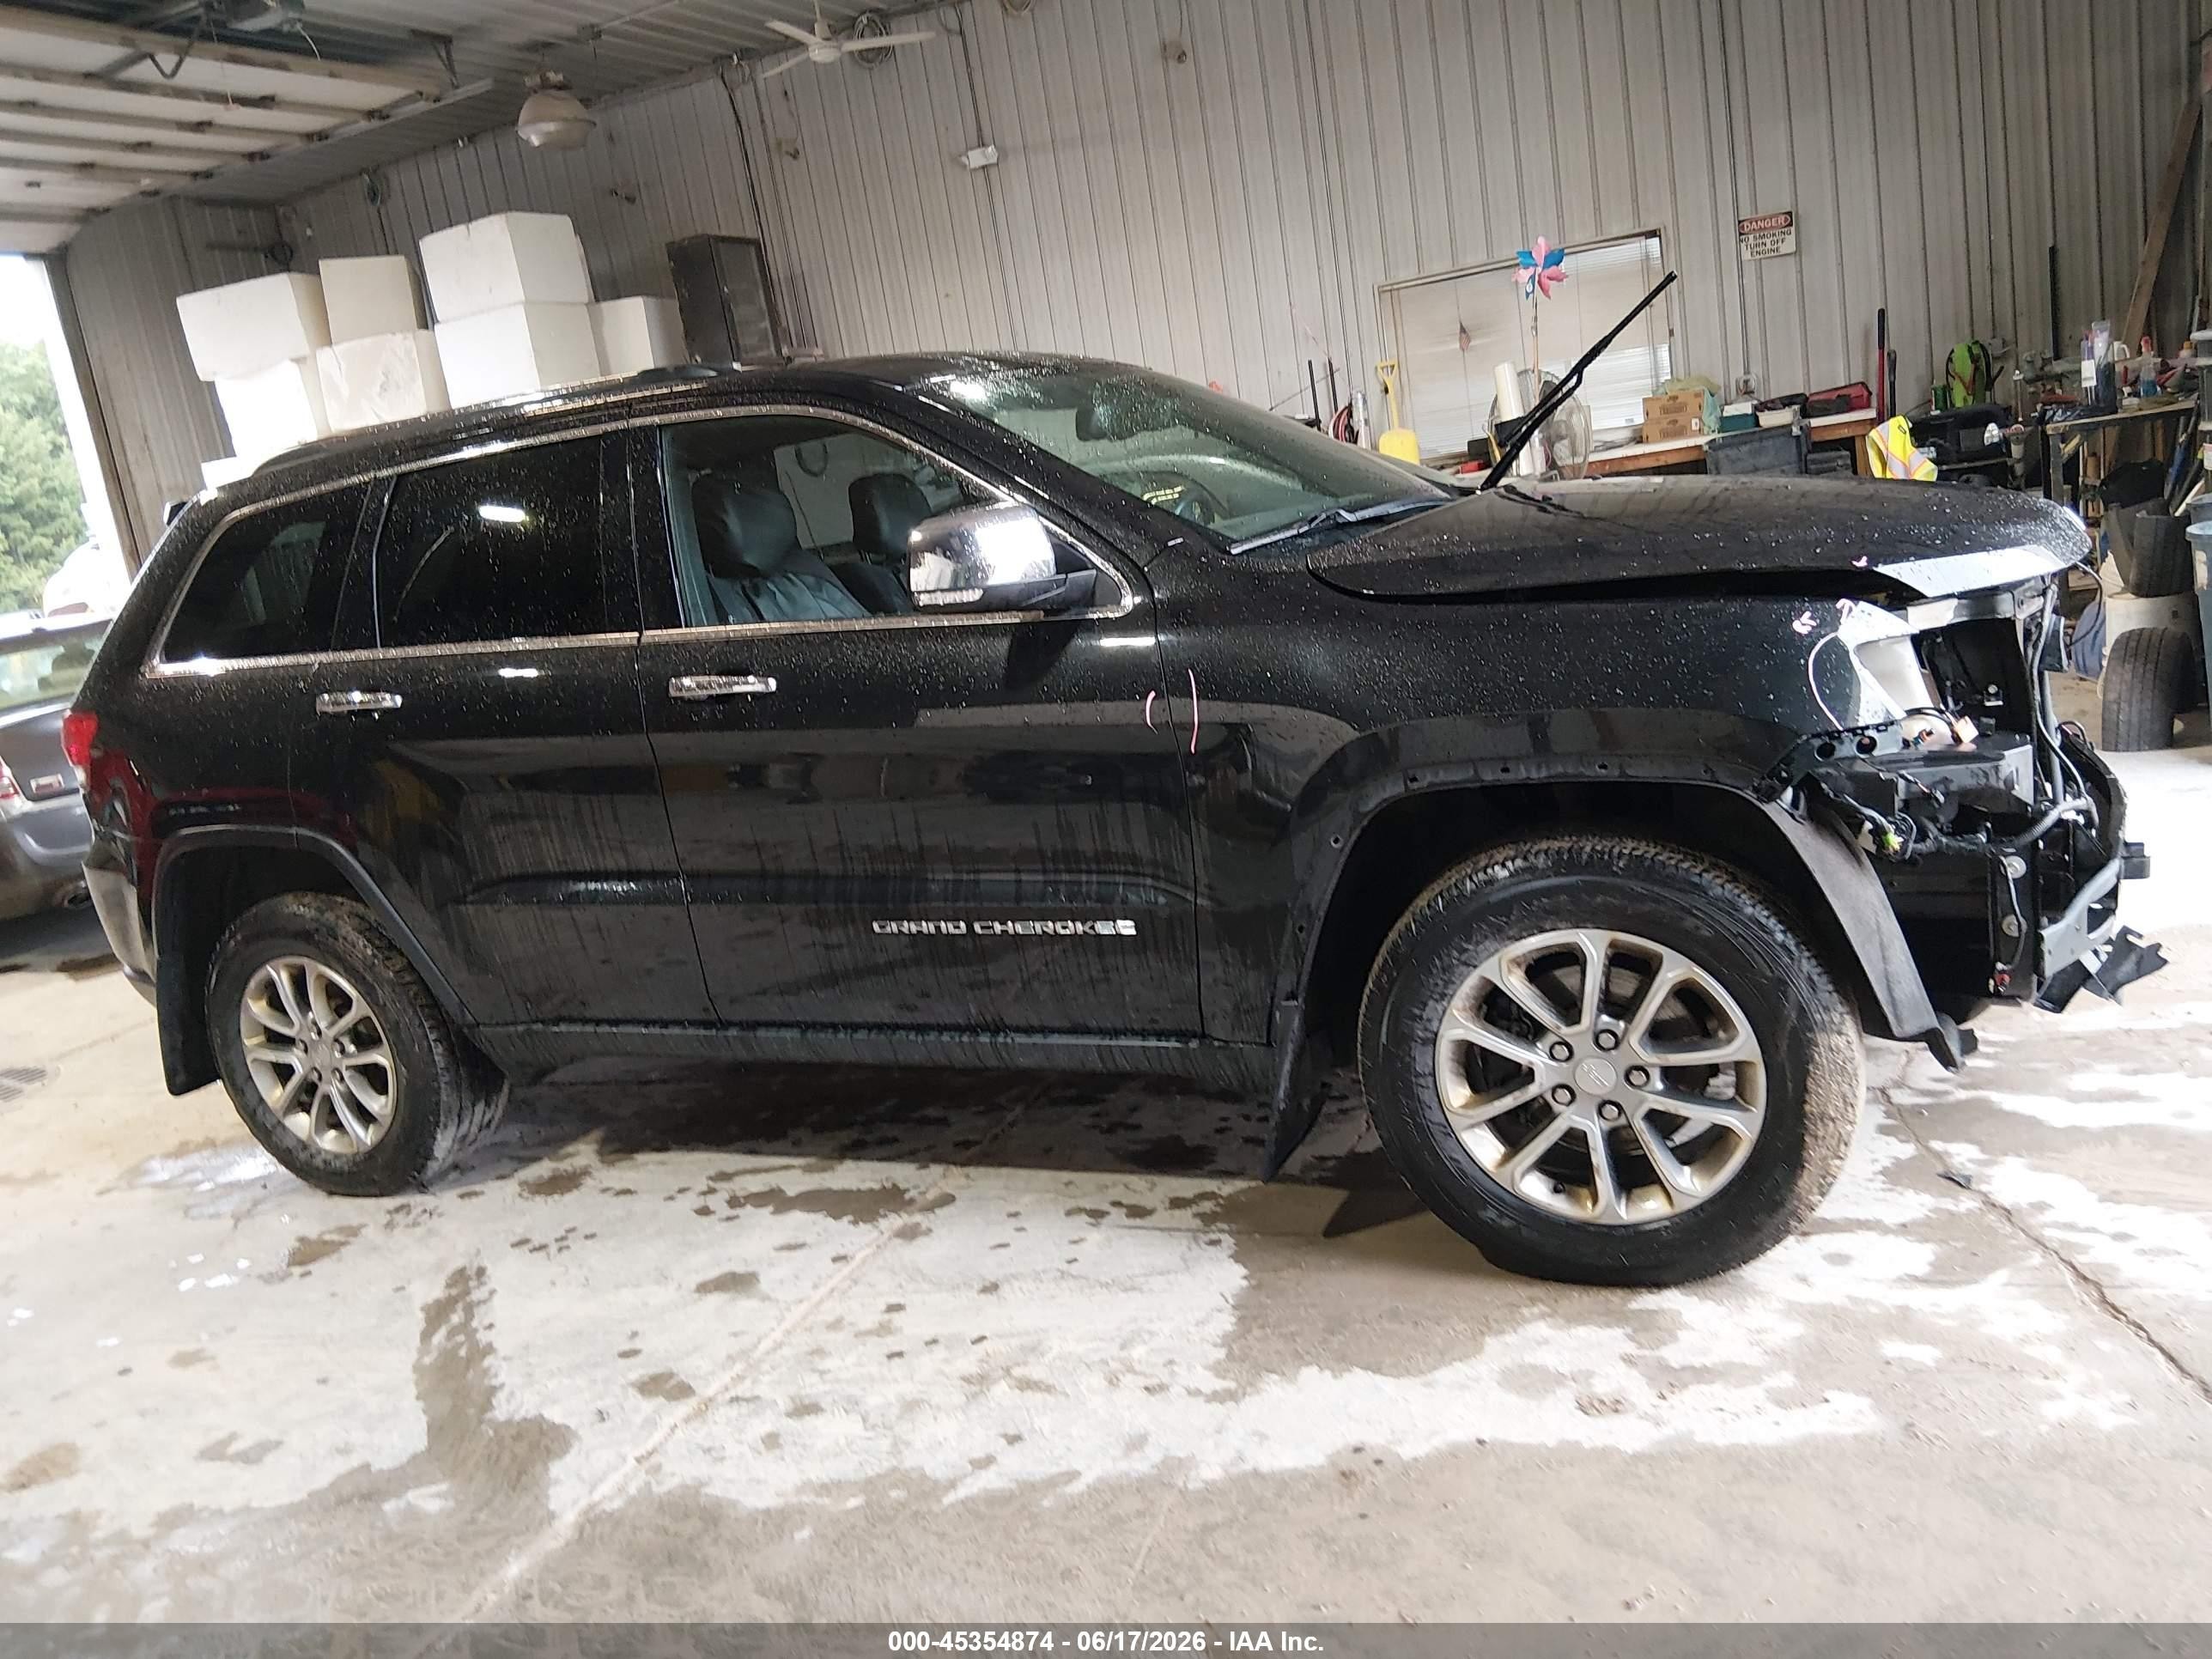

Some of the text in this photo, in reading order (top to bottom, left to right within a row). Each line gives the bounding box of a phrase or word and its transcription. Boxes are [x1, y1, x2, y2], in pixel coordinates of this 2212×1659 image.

[1744, 216, 1785, 232] DANGER
[1753, 229, 1791, 241] SMOKING
[1745, 238, 1786, 251] TURN OFF
[1750, 246, 1781, 258] ENGINE
[872, 920, 1138, 936] GRAND CHEROKEE

GOAL OF THE EXERCISE
If a record holds a picture, drop the picture and return the rest of it exactly.

ANSWER SECTION
Some of the text in this photo, in reading order (top to bottom, left to right within a row). Each line gives the bounding box of a phrase or word and its transcription. Boxes are [x1, y1, x2, y2], in pixel coordinates of this 2212×1659 image.

[1744, 216, 1785, 232] DANGER
[1753, 229, 1791, 241] SMOKING
[1745, 238, 1786, 251] TURN OFF
[1750, 246, 1781, 258] ENGINE
[872, 920, 1138, 936] GRAND CHEROKEE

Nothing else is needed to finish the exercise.